WHAT IS REQUIRED:
Output all entries exactly as they appear and skip the pictures.

[Phrase grounding data]
####################

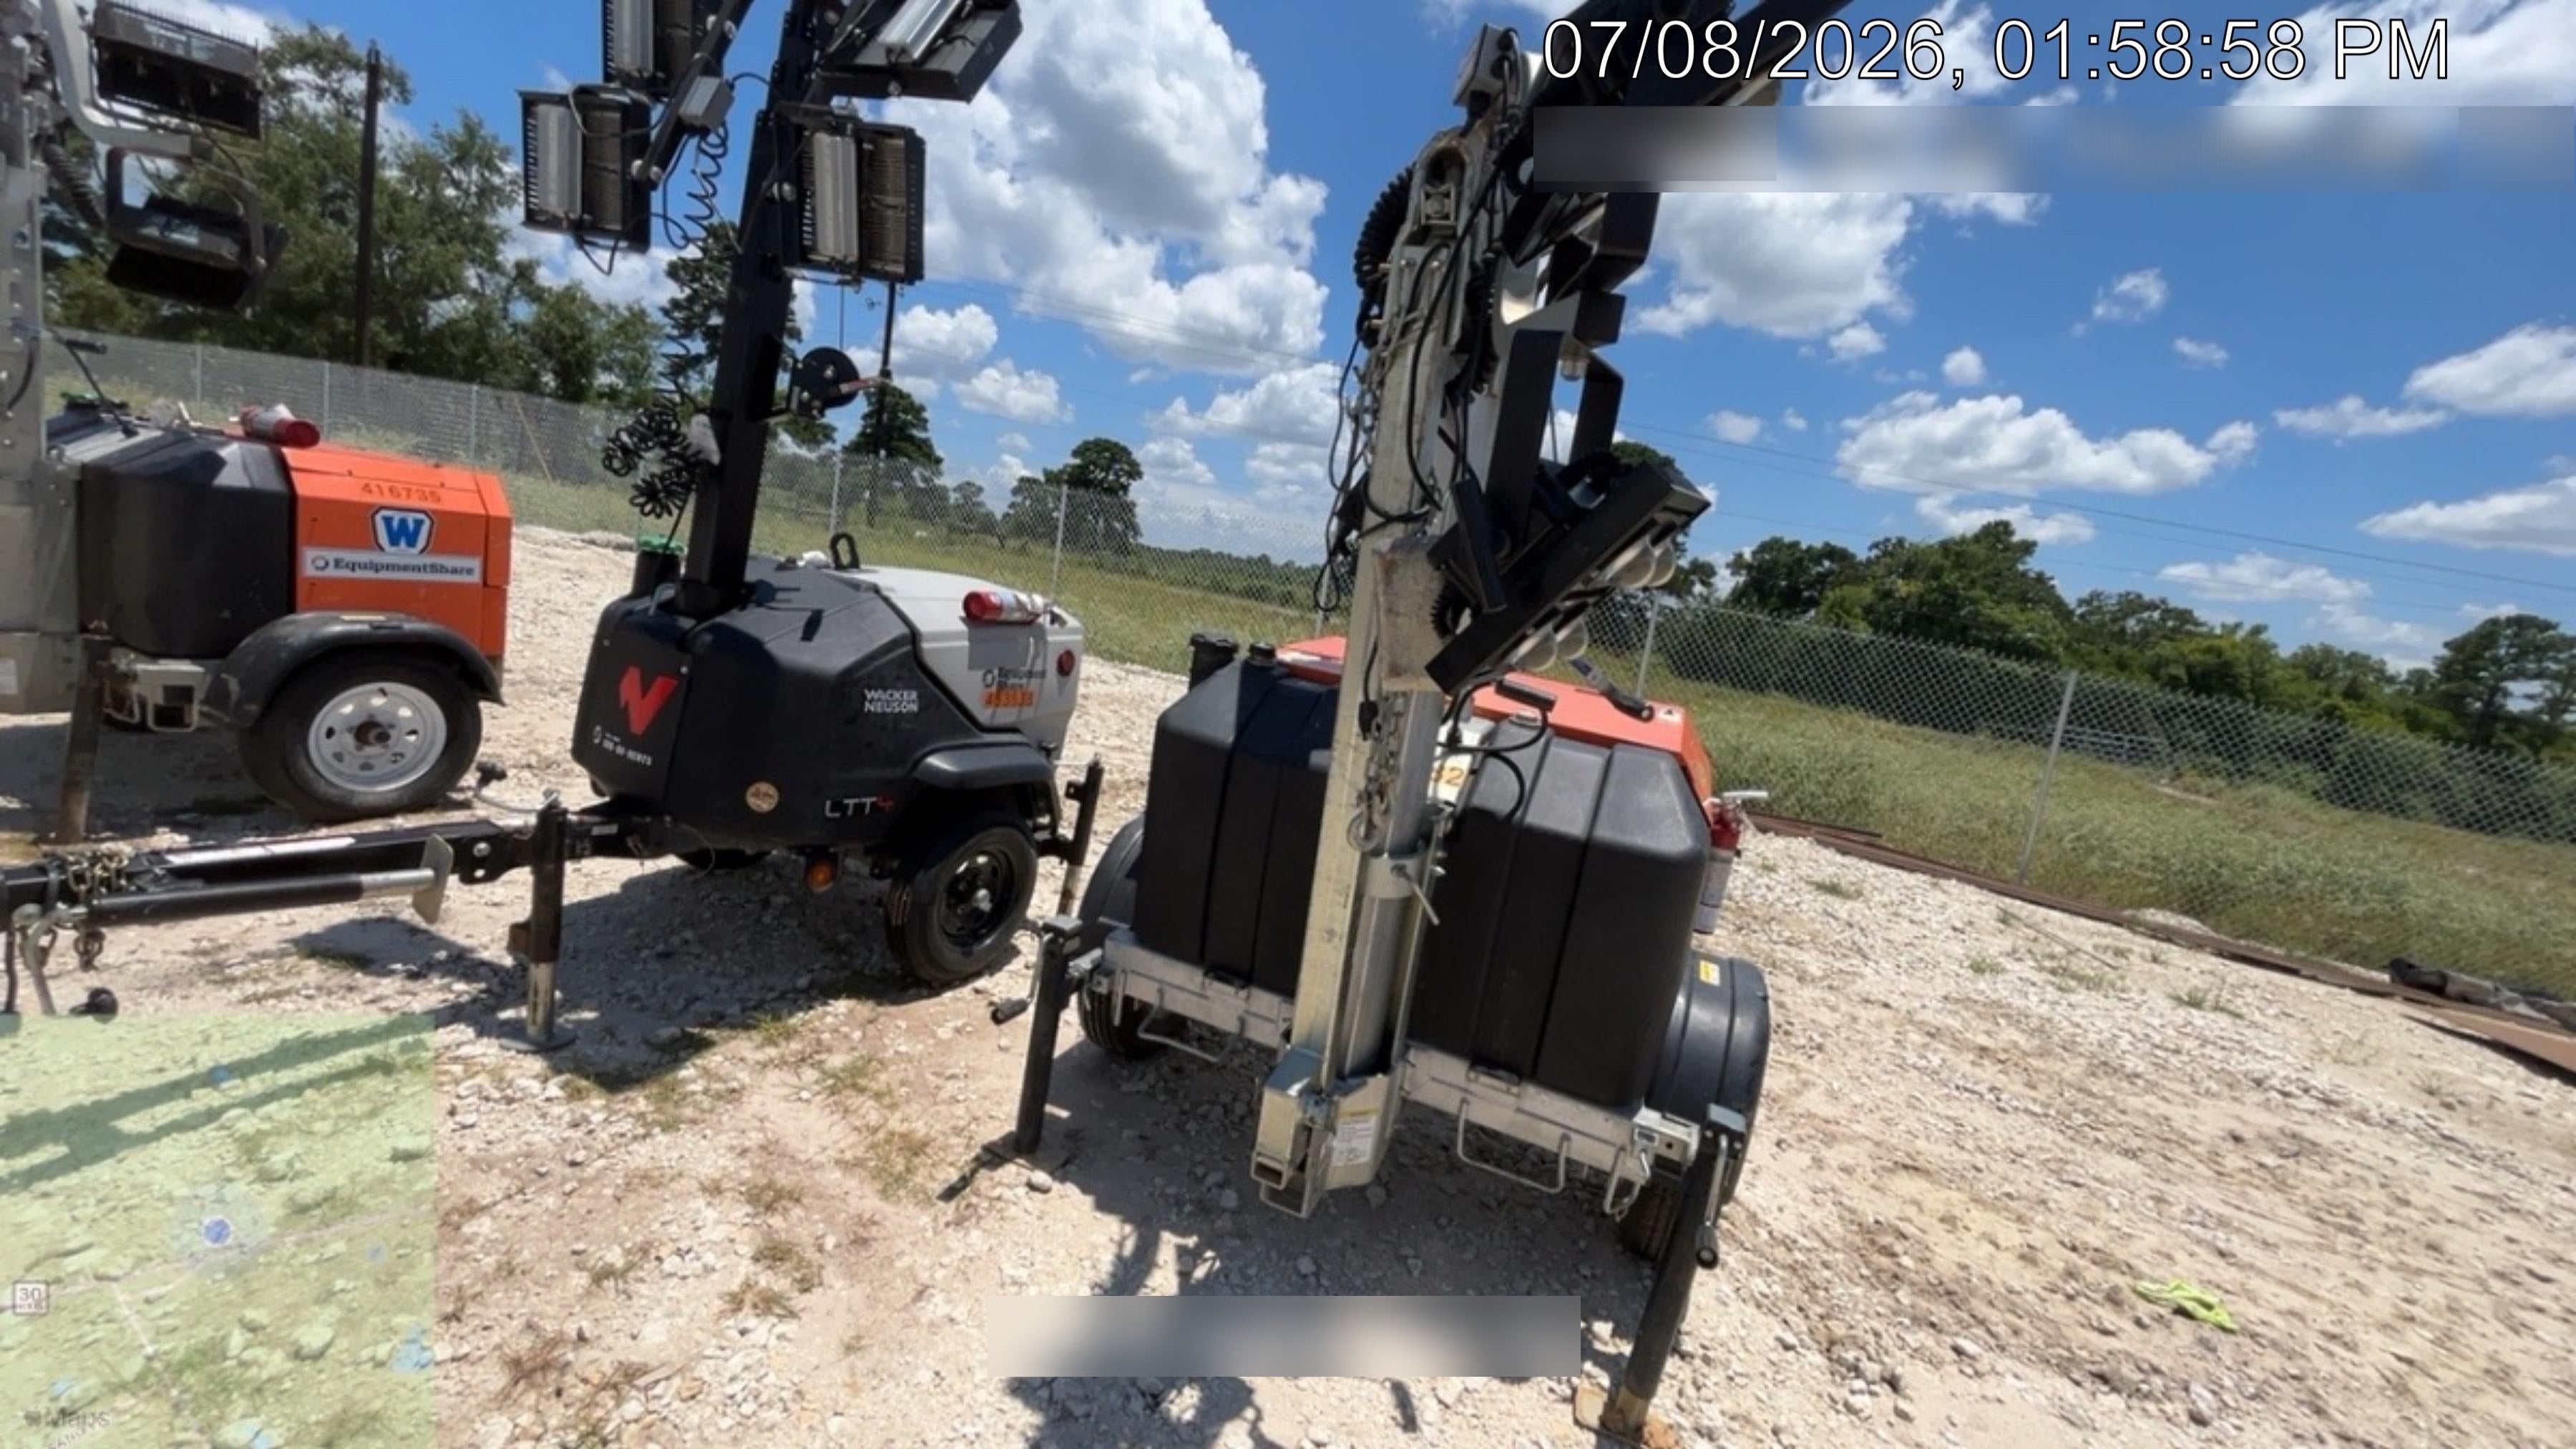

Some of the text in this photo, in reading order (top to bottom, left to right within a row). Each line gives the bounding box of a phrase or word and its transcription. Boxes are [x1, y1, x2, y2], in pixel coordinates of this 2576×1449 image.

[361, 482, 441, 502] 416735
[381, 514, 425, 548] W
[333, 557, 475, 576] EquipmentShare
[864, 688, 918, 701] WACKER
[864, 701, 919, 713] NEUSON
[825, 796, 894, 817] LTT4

####################

EXPECTED OUTPUT:
Some of the text in this photo, in reading order (top to bottom, left to right within a row). Each line gives the bounding box of a phrase or word and its transcription. Boxes are [x1, y1, x2, y2], in pixel coordinates of this 2576×1449 image.

[361, 482, 441, 502] 416735
[381, 514, 425, 548] W
[333, 557, 475, 576] EquipmentShare
[864, 688, 918, 701] WACKER
[864, 701, 919, 713] NEUSON
[825, 796, 894, 817] LTT4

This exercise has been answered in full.